Commonwealth v. Bailey

947 A.2d 808, 2008 Pa. Super. 81, 2008 Pa. Super. LEXIS 637, 2008 WL 1838344
CourtSuperior Court of Pennsylvania
DecidedApril 25, 2008
Docket1568 WDA 2007
StatusPublished
Cited by22 cases

This text of 947 A.2d 808 (Commonwealth v. Bailey) is published on Counsel Stack Legal Research, covering Superior Court of Pennsylvania primary law. Counsel Stack provides free access to over 12 million legal documents including statutes, case law, regulations, and constitutions.

Bluebook
Commonwealth v. Bailey, 947 A.2d 808, 2008 Pa. Super. 81, 2008 Pa. Super. LEXIS 637, 2008 WL 1838344 (Pa. Ct. App. 2008).

Opinions

OPINION BY

BENDER, J.:

¶ 1 Joel D. Bailey (Appellant) appeals from the August 7, 2007, judgment of sentence of 30 days to 6 months imprisonment, fines, and costs imposed after he was convicted of driving while imbibing1 and driving under the influence of a high rate of alcohol.2

¶ 2 On June 13, 2006, at approximately 7 p.m., Officer Rice of the Windber Borough Police Department observed a black Pontiac TransAm being operated “at a high rate of speed.” N.T., Suppression Hearing, 4/2/07, at 5, 7, 22. Officer Rice further testified that he noticed that the TransAm exhaust system was “very loud.” Id. at 8. The vehicle looked similar to a vehicle Officer Rice knew as being owned by a party with a suspended driver’s license. Id. Acting on this suspicion, Officer Rice radioed Officer Walls of the Paint Township Police Department.3 Id. at 9. Officer Rice testified that he asked Officer Walls [810]*810to keep a lookout for a TransAm “with [an] extremely loud exhaust.” Id. at 9-10. Officer Rice also informed Officer Walls that he suspected the TransAm was being operated by a driver with suspended operating privileges. Id.

¶ 3 Approximately seven hours after receiving this information, Officer Walls spotted a black TransAm. Officer Walls testified that he received a radio call from Officer Rice informing him to be on the lookout for a TransAm with “no exhaust” system. Id. at 39. Officer Walls also testified that when he spotted the TransAm, he noticed the exhaust system of the vehicle was louder than the exhaust systems of other TransAms he had been around. N.T. at 34. Officer Walls testified that he then pulled over the TransAm because he had a reasonable suspicion the vehicle was equipped with what he deemed to be a “faulty exhaust,” based on the noise the system was making, and because he thought “the person operating the vehicle was under suspension.” Id. at 35, 40.

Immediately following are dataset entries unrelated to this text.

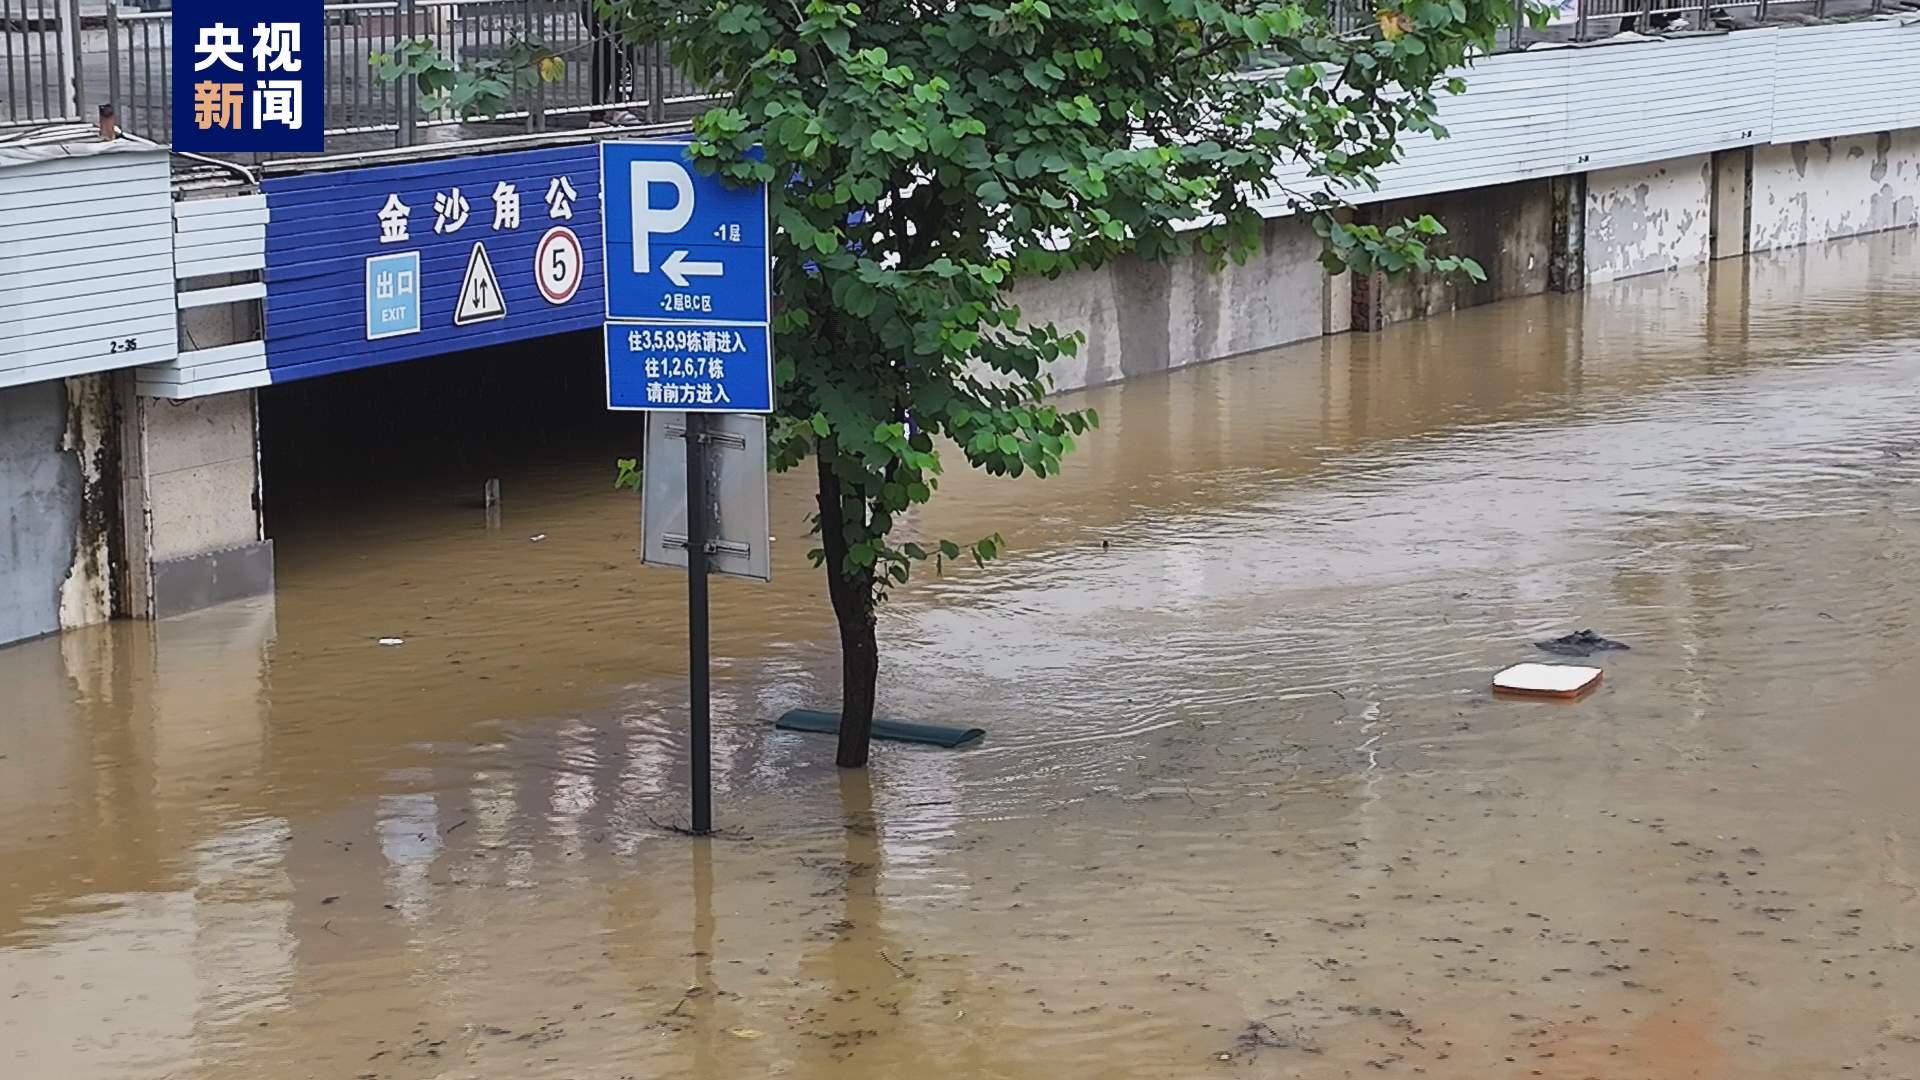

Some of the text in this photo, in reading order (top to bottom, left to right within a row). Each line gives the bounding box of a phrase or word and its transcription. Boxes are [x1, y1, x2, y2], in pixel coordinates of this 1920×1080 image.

[630, 160, 696, 273] P
[552, 248, 567, 282] 5
[376, 269, 414, 299] 出口
[381, 306, 407, 323] EXIT
[646, 381, 731, 404] 请前方进入
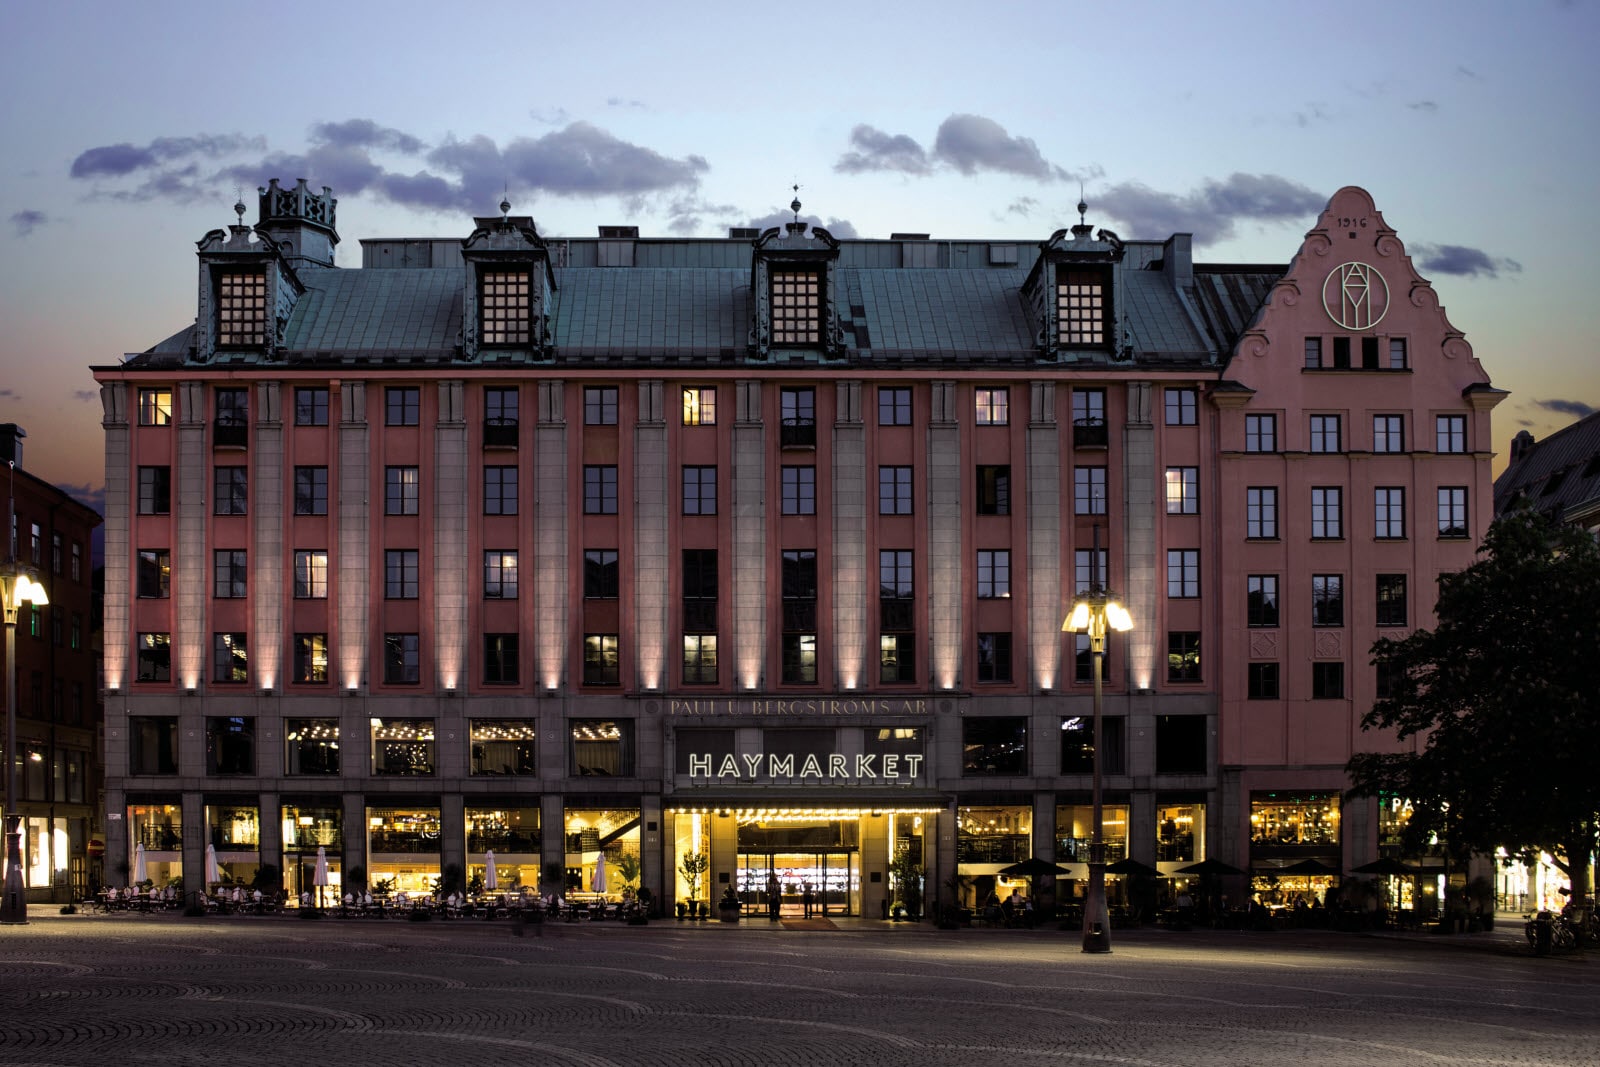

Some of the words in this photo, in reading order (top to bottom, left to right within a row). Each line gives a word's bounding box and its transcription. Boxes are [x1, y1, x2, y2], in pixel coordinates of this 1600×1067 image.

[1337, 218, 1367, 228] 1916
[671, 700, 717, 715] PAUL
[689, 753, 923, 778] HAYMARKET
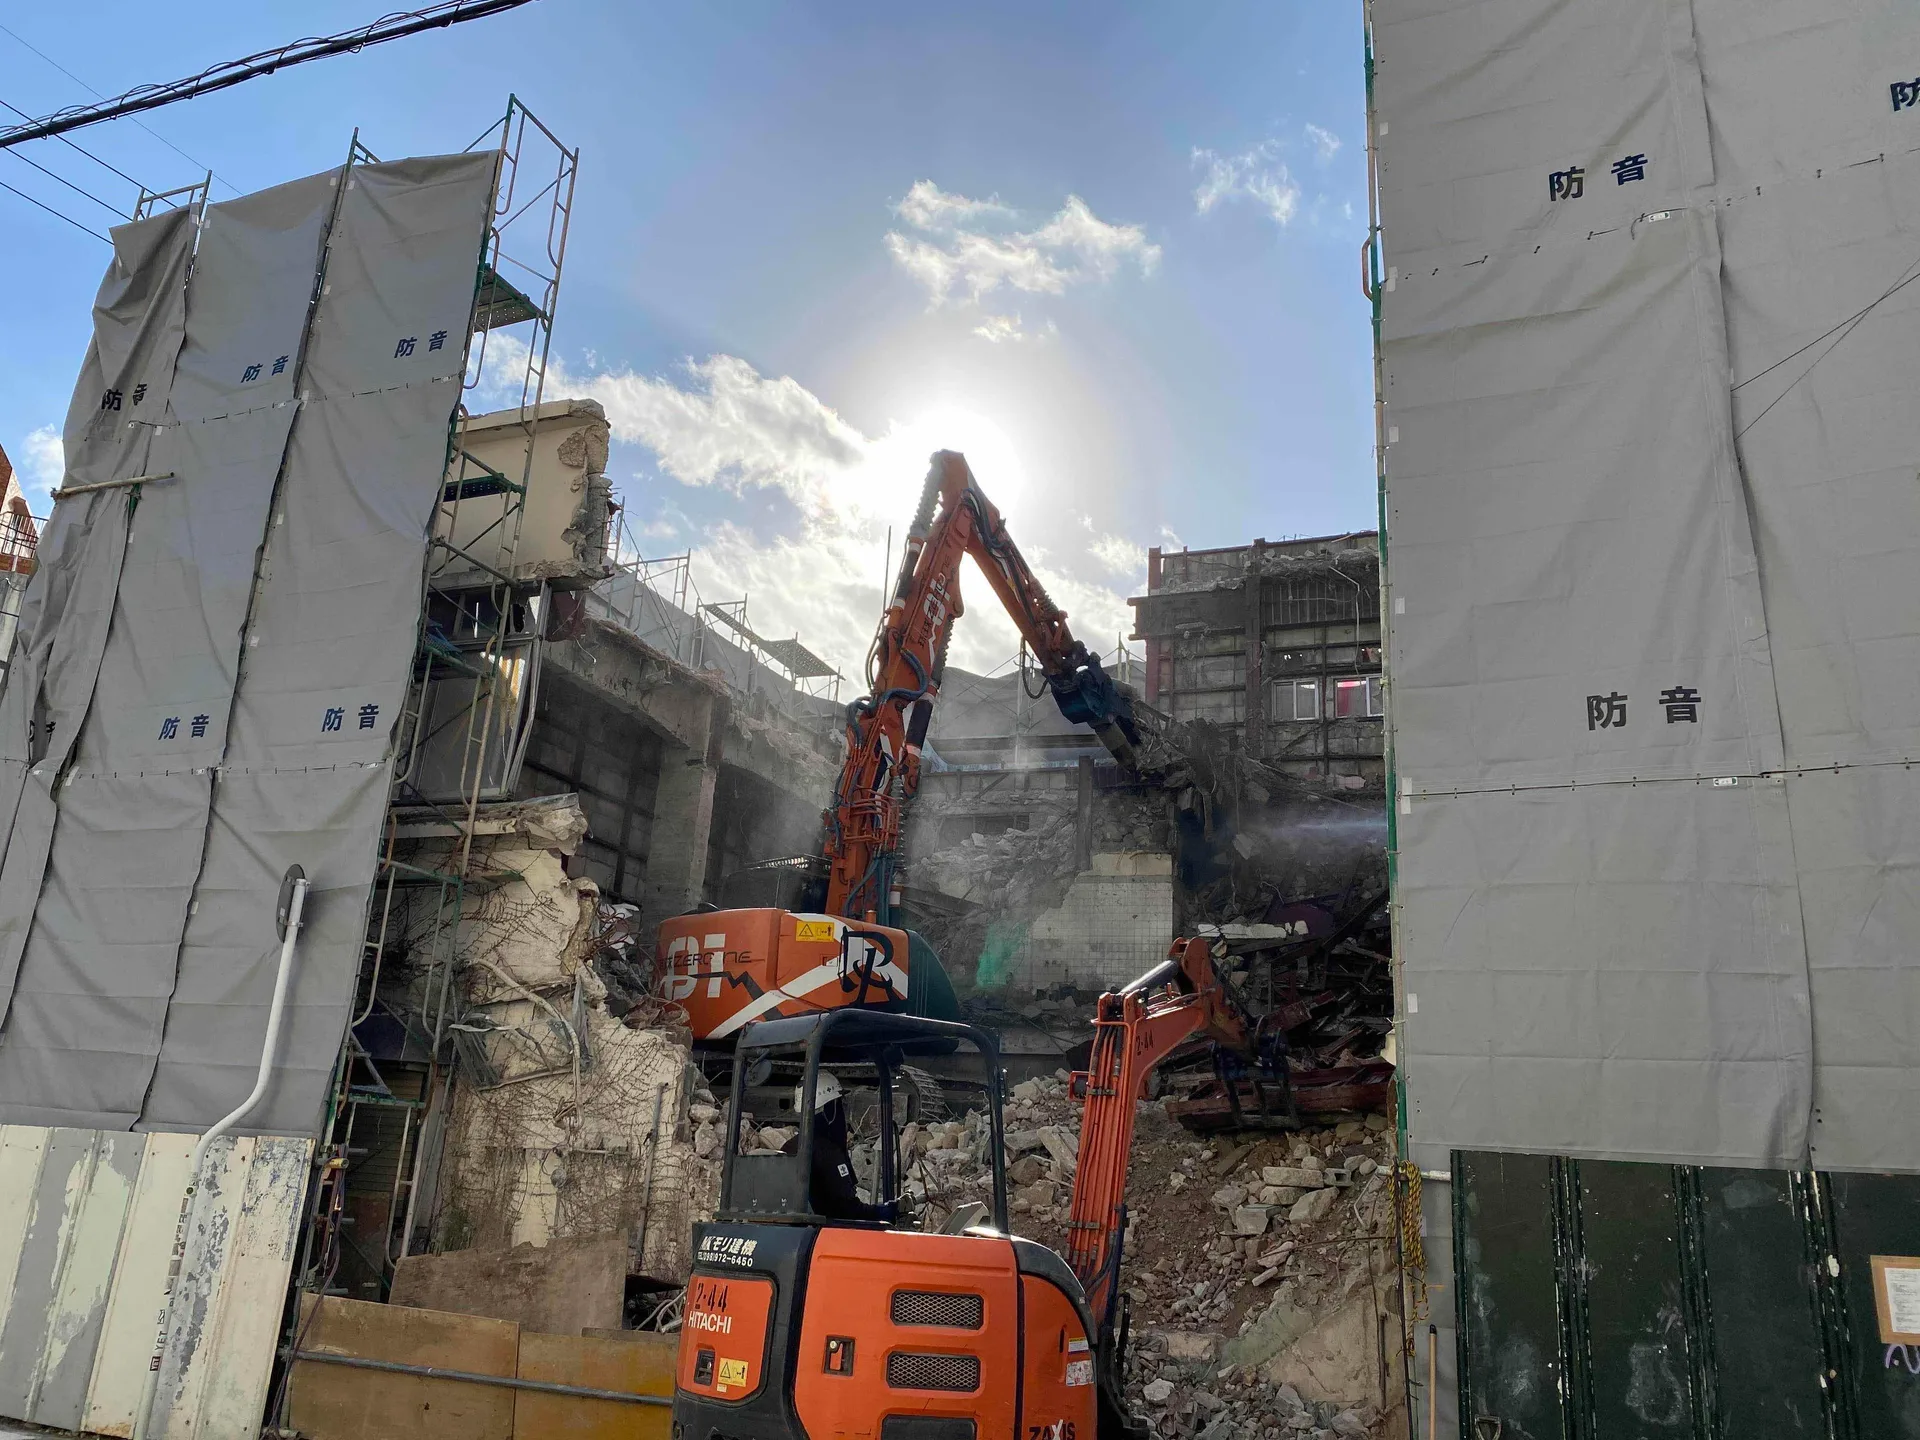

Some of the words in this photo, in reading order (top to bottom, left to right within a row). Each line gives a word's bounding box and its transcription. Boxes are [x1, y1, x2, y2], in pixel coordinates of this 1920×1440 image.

[1549, 154, 1649, 201] 防音
[395, 330, 448, 358] 防音
[241, 355, 289, 383] 防音
[321, 703, 380, 732] 防音
[1586, 686, 1702, 731] 防音
[158, 714, 210, 741] 防音
[688, 1310, 732, 1334] HITACHI

¶ 4 Upon pulling over the TransAm, Officer Walls discovered Appellant driving the vehicle and the unlicensed party Officer Rice had suspected was driving the vehicle was sitting in the passenger seat. N.T., 6/12/07, at 7, 18. Officer Rice arrived at the scene of the stop within minutes. He confronted Appellant and immediately detected a strong odor of alcohol emanating from the vehicle. He ordered Appellant out of the vehicle and then administered a series of sobriety tests, which Appellant failed. Appellant also failed a breathalyzer test administered at the police station. On June 15, 2006,' Appellant was charged accordingly.

¶ 5 On January 3, 2007, Appellant filed an omnibus pre-trial motion requesting, inter alia, that the trial court suppress the evidence seized after Officer Walls stopped Appellant because Officer Walls did not have reasonable suspicion to stop Appellant. The court denied the motion and the case proceeded to a non-jury trial, at the conclusion of which the trial court returned its guilty verdict. This appeal ultimately followed in which Appellant raises the following question for our review:

Whether the lower court erred in denying the appellant’s motion to suppress blood alcohol result evidence seized by the police because the police lacked requisite suspicion to initiate the traffic stop.

Brief for Appellant at 3.

¶ 6 Our standard and scope of review over the denial of a motion to suppress is as follows:

When we review the ruling of a suppression court, we must ascertain whether its factual findings are supported by the record and whether the inferences and legal conclusions drawn from those facts are reasonable. Where the defendant challenges an adverse ruling of the suppression court, we will consider only the evidence for the prosecution and whatever evidence for the defense that remains uncontradicted in context of the whole record. If there is support on the record, we are bound by the facts as found by the suppression court, and we may reverse that court only if the legal conclusions drawn from these facts are in error.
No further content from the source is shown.